▶ [Task directions]: The response should be an exact copy of every record.

(Data listing Opens)

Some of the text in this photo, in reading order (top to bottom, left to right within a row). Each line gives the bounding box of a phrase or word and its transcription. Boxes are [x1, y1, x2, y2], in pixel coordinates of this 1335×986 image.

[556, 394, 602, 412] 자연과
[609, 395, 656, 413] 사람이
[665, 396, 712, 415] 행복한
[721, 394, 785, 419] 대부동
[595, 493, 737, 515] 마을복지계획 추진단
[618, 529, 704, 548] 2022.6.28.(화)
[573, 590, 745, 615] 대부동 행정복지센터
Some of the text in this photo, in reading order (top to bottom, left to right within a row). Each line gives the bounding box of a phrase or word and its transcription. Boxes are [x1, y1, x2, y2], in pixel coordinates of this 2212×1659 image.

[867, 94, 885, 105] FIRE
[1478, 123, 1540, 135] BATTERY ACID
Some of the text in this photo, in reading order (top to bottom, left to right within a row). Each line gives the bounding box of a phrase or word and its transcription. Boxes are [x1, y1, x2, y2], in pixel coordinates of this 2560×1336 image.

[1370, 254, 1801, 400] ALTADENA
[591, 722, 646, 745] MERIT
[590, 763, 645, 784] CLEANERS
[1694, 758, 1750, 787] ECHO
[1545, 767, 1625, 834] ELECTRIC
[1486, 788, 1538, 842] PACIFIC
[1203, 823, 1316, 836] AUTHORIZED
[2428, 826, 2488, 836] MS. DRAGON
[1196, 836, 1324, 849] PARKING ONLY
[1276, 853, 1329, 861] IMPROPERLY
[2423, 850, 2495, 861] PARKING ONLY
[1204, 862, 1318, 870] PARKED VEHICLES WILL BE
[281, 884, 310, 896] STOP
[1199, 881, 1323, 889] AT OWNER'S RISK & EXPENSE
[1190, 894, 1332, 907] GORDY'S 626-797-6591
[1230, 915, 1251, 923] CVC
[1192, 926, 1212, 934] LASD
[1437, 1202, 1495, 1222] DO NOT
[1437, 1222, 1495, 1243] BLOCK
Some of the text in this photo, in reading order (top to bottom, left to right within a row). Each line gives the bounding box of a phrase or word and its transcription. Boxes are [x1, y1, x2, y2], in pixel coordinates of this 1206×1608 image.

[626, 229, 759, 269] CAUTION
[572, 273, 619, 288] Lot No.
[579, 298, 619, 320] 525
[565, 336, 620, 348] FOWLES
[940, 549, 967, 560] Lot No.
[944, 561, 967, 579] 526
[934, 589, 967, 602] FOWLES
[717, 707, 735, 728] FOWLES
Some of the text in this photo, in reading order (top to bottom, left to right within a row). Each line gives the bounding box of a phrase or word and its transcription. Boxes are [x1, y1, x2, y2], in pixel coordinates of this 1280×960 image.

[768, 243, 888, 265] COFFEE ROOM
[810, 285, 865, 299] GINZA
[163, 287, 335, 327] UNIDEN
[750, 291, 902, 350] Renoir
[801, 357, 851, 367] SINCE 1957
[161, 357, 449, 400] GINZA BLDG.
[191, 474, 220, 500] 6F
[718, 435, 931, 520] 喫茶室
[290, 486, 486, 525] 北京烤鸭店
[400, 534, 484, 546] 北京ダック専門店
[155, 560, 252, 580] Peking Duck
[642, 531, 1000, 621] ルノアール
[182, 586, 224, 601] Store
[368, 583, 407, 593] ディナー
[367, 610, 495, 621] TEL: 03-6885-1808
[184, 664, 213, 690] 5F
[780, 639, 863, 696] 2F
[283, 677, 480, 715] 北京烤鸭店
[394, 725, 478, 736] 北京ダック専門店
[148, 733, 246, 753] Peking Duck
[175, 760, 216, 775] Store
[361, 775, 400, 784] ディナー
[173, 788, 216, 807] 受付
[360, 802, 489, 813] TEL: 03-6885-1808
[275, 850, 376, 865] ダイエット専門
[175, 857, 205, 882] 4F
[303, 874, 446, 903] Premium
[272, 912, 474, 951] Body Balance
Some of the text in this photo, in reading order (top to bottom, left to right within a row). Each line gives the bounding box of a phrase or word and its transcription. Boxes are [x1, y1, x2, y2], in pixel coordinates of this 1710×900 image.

(Data listing Closes)

▶ [Exercise response]:
Some of the text in this photo, in reading order (top to bottom, left to right within a row). Each line gives the bounding box of a phrase or word and its transcription. Boxes are [x1, y1, x2, y2], in pixel coordinates of this 1335×986 image.

[556, 394, 602, 412] 자연과
[609, 395, 656, 413] 사람이
[665, 396, 712, 415] 행복한
[721, 394, 785, 419] 대부동
[595, 493, 737, 515] 마을복지계획 추진단
[618, 529, 704, 548] 2022.6.28.(화)
[573, 590, 745, 615] 대부동 행정복지센터
Some of the text in this photo, in reading order (top to bottom, left to right within a row). Each line gives the bounding box of a phrase or word and its transcription. Boxes are [x1, y1, x2, y2], in pixel coordinates of this 2212×1659 image.

[867, 94, 885, 105] FIRE
[1478, 123, 1540, 135] BATTERY ACID
Some of the text in this photo, in reading order (top to bottom, left to right within a row). Each line gives the bounding box of a phrase or word and its transcription. Boxes are [x1, y1, x2, y2], in pixel coordinates of this 2560×1336 image.

[1370, 254, 1801, 400] ALTADENA
[591, 722, 646, 745] MERIT
[590, 763, 645, 784] CLEANERS
[1694, 758, 1750, 787] ECHO
[1545, 767, 1625, 834] ELECTRIC
[1486, 788, 1538, 842] PACIFIC
[1203, 823, 1316, 836] AUTHORIZED
[2428, 826, 2488, 836] MS. DRAGON
[1196, 836, 1324, 849] PARKING ONLY
[1276, 853, 1329, 861] IMPROPERLY
[2423, 850, 2495, 861] PARKING ONLY
[1204, 862, 1318, 870] PARKED VEHICLES WILL BE
[281, 884, 310, 896] STOP
[1199, 881, 1323, 889] AT OWNER'S RISK & EXPENSE
[1190, 894, 1332, 907] GORDY'S 626-797-6591
[1230, 915, 1251, 923] CVC
[1192, 926, 1212, 934] LASD
[1437, 1202, 1495, 1222] DO NOT
[1437, 1222, 1495, 1243] BLOCK
Some of the text in this photo, in reading order (top to bottom, left to right within a row). Each line gives the bounding box of a phrase or word and its transcription. Boxes are [x1, y1, x2, y2], in pixel coordinates of this 1206×1608 image.

[626, 229, 759, 269] CAUTION
[572, 273, 619, 288] Lot No.
[579, 298, 619, 320] 525
[565, 336, 620, 348] FOWLES
[940, 549, 967, 560] Lot No.
[944, 561, 967, 579] 526
[934, 589, 967, 602] FOWLES
[717, 707, 735, 728] FOWLES
Some of the text in this photo, in reading order (top to bottom, left to right within a row). Each line gives the bounding box of a phrase or word and its transcription. Boxes are [x1, y1, x2, y2], in pixel coordinates of this 1280×960 image.

[768, 243, 888, 265] COFFEE ROOM
[810, 285, 865, 299] GINZA
[163, 287, 335, 327] UNIDEN
[750, 291, 902, 350] Renoir
[801, 357, 851, 367] SINCE 1957
[161, 357, 449, 400] GINZA BLDG.
[191, 474, 220, 500] 6F
[718, 435, 931, 520] 喫茶室
[290, 486, 486, 525] 北京烤鸭店
[400, 534, 484, 546] 北京ダック専門店
[155, 560, 252, 580] Peking Duck
[642, 531, 1000, 621] ルノアール
[182, 586, 224, 601] Store
[368, 583, 407, 593] ディナー
[367, 610, 495, 621] TEL: 03-6885-1808
[184, 664, 213, 690] 5F
[780, 639, 863, 696] 2F
[283, 677, 480, 715] 北京烤鸭店
[394, 725, 478, 736] 北京ダック専門店
[148, 733, 246, 753] Peking Duck
[175, 760, 216, 775] Store
[361, 775, 400, 784] ディナー
[173, 788, 216, 807] 受付
[360, 802, 489, 813] TEL: 03-6885-1808
[275, 850, 376, 865] ダイエット専門
[175, 857, 205, 882] 4F
[303, 874, 446, 903] Premium
[272, 912, 474, 951] Body Balance
Some of the text in this photo, in reading order (top to bottom, left to right within a row). Each line gives the bounding box of a phrase or word and its transcription. Boxes are [x1, y1, x2, y2], in pixel coordinates of this 1710×900 image.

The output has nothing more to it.